Task details.
Leaving out the pictures, transcribe all of the records faithfully.

Extracted material.
Content starts
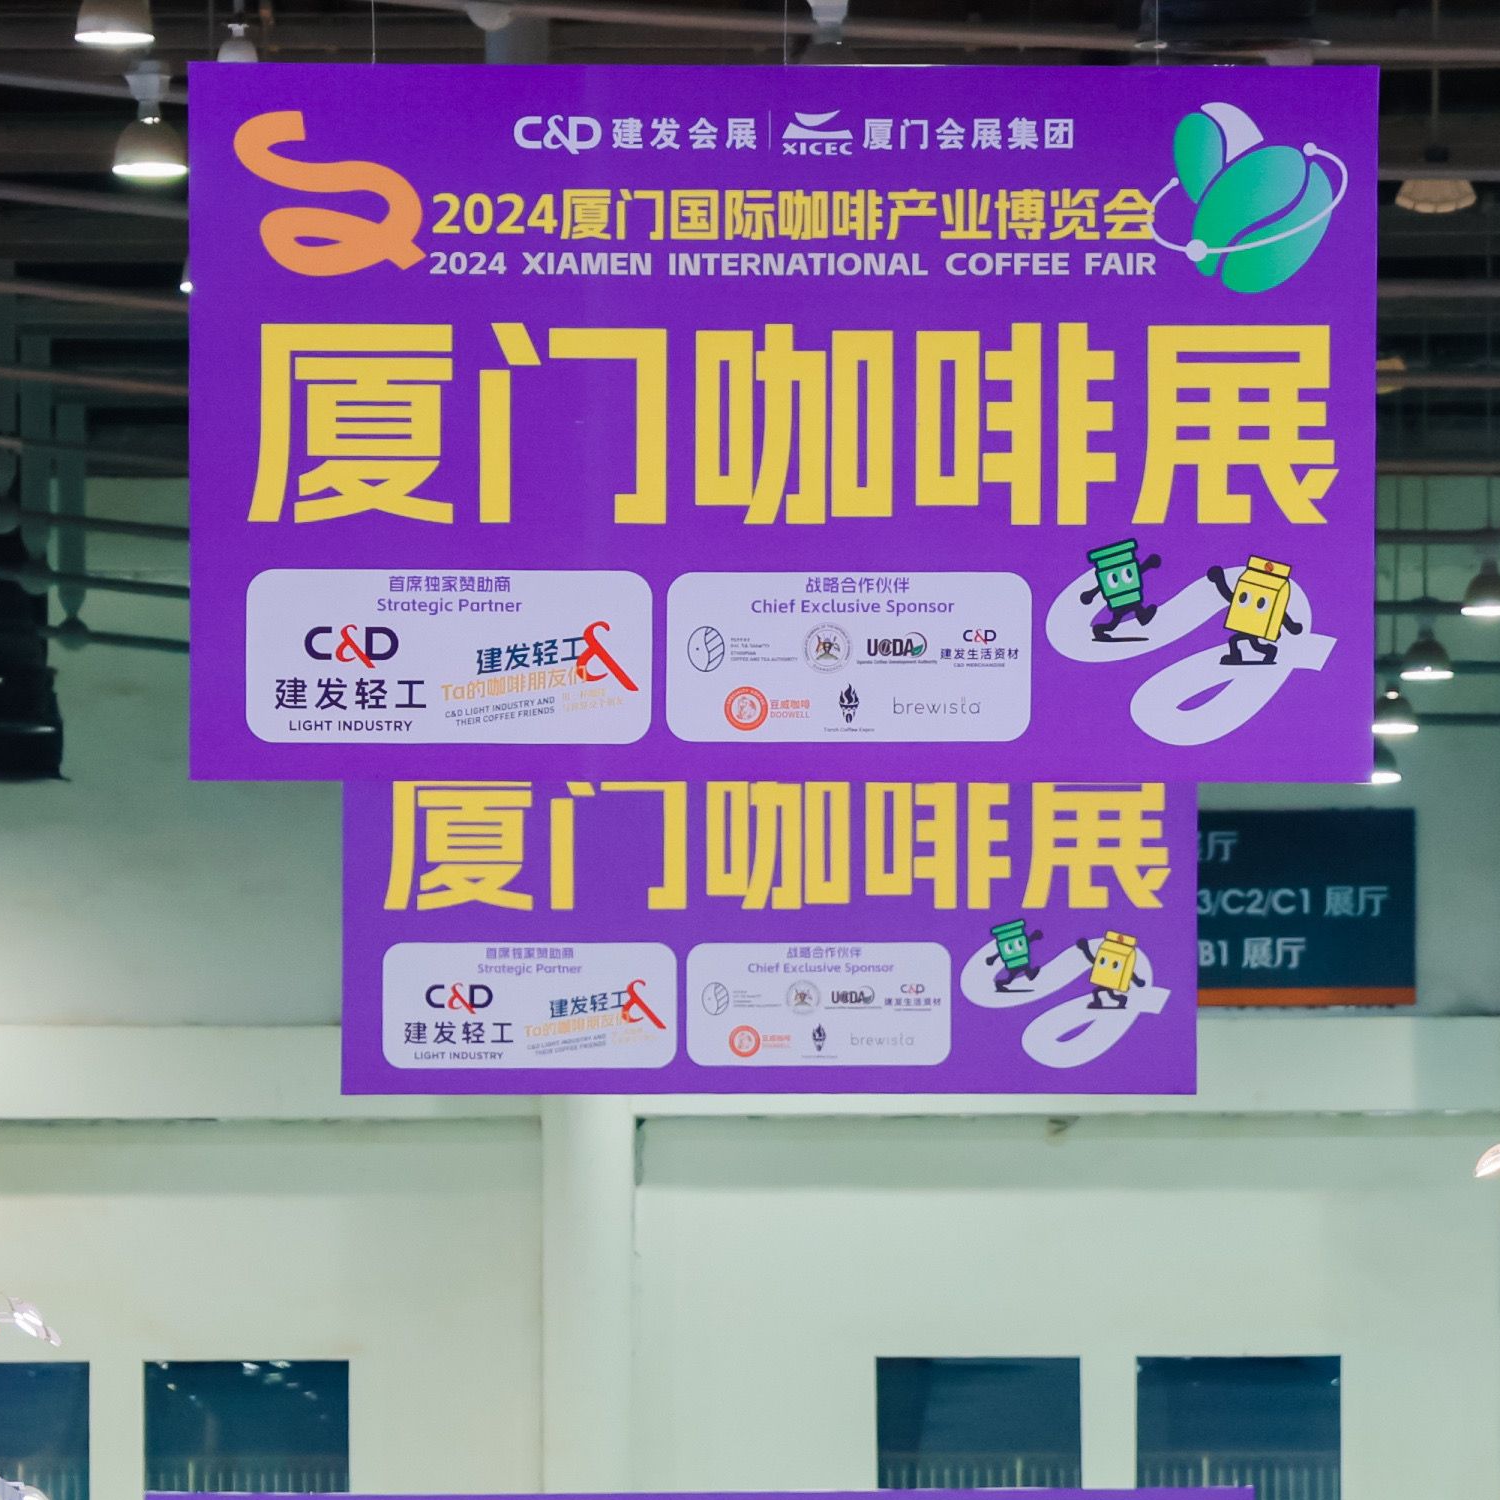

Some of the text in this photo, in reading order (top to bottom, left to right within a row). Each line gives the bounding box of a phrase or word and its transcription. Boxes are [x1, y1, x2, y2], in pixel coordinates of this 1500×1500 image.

[514, 115, 756, 154] C&D 建发会展
[782, 136, 853, 155] XICEC
[863, 117, 1073, 150] 厦门会展集团
[432, 188, 1159, 243] 2024厦门国际咖啡产业博览会
[429, 249, 1156, 277] 2024 XIAMEN INTERNATIONAL COFFEE FAIR
[247, 322, 1339, 525] 厦门咖啡展
[389, 576, 510, 592] 首席独家赞助商
[806, 577, 909, 593] 战略合作伙伴
[377, 598, 522, 615] Strategic Partner
[751, 599, 954, 616] Chief Exclusive Sponsor
[304, 625, 399, 668] C&D
[962, 628, 998, 646] C&D
[476, 635, 586, 676] 建发轻工
[939, 647, 1020, 661] 建发生活资材
[275, 677, 426, 710] 建发轻工
[440, 664, 589, 702] Ta的咖啡朋友们
[455, 706, 556, 727] THEIR COFFEE FRIENDS
[465, 704, 490, 716] LIGHT
[492, 700, 535, 713] INDUSTRY
[537, 696, 556, 706] AND
[290, 720, 412, 731] LIGHT INDUSTRY
[381, 780, 1174, 911] 厦门咖啡展
[1323, 885, 1389, 917] 展厅
[1242, 936, 1307, 969] 展厅
[478, 963, 582, 976] Strategic Partner
[748, 962, 894, 975] Chief Exclusive Sponsor
[426, 984, 493, 1014] C&D
[549, 990, 629, 1019] 建发轻工
[405, 1021, 513, 1044] 建发轻工
[414, 1051, 503, 1060] LIGHT INDUSTRY
Content ends
Finished task.
Some of the text in this photo, in reading order (top to bottom, left to right within a row). Each line gives the bounding box of a phrase or word and its transcription. Boxes are [x1, y1, x2, y2], in pixel coordinates of this 1500×1500 image.

[514, 115, 756, 154] C&D 建发会展
[782, 136, 853, 155] XICEC
[863, 117, 1073, 150] 厦门会展集团
[432, 188, 1159, 243] 2024厦门国际咖啡产业博览会
[429, 249, 1156, 277] 2024 XIAMEN INTERNATIONAL COFFEE FAIR
[247, 322, 1339, 525] 厦门咖啡展
[389, 576, 510, 592] 首席独家赞助商
[806, 577, 909, 593] 战略合作伙伴
[377, 598, 522, 615] Strategic Partner
[751, 599, 954, 616] Chief Exclusive Sponsor
[304, 625, 399, 668] C&D
[962, 628, 998, 646] C&D
[476, 635, 586, 676] 建发轻工
[939, 647, 1020, 661] 建发生活资材
[275, 677, 426, 710] 建发轻工
[440, 664, 589, 702] Ta的咖啡朋友们
[455, 706, 556, 727] THEIR COFFEE FRIENDS
[465, 704, 490, 716] LIGHT
[492, 700, 535, 713] INDUSTRY
[537, 696, 556, 706] AND
[290, 720, 412, 731] LIGHT INDUSTRY
[381, 780, 1174, 911] 厦门咖啡展
[1323, 885, 1389, 917] 展厅
[1242, 936, 1307, 969] 展厅
[478, 963, 582, 976] Strategic Partner
[748, 962, 894, 975] Chief Exclusive Sponsor
[426, 984, 493, 1014] C&D
[549, 990, 629, 1019] 建发轻工
[405, 1021, 513, 1044] 建发轻工
[414, 1051, 503, 1060] LIGHT INDUSTRY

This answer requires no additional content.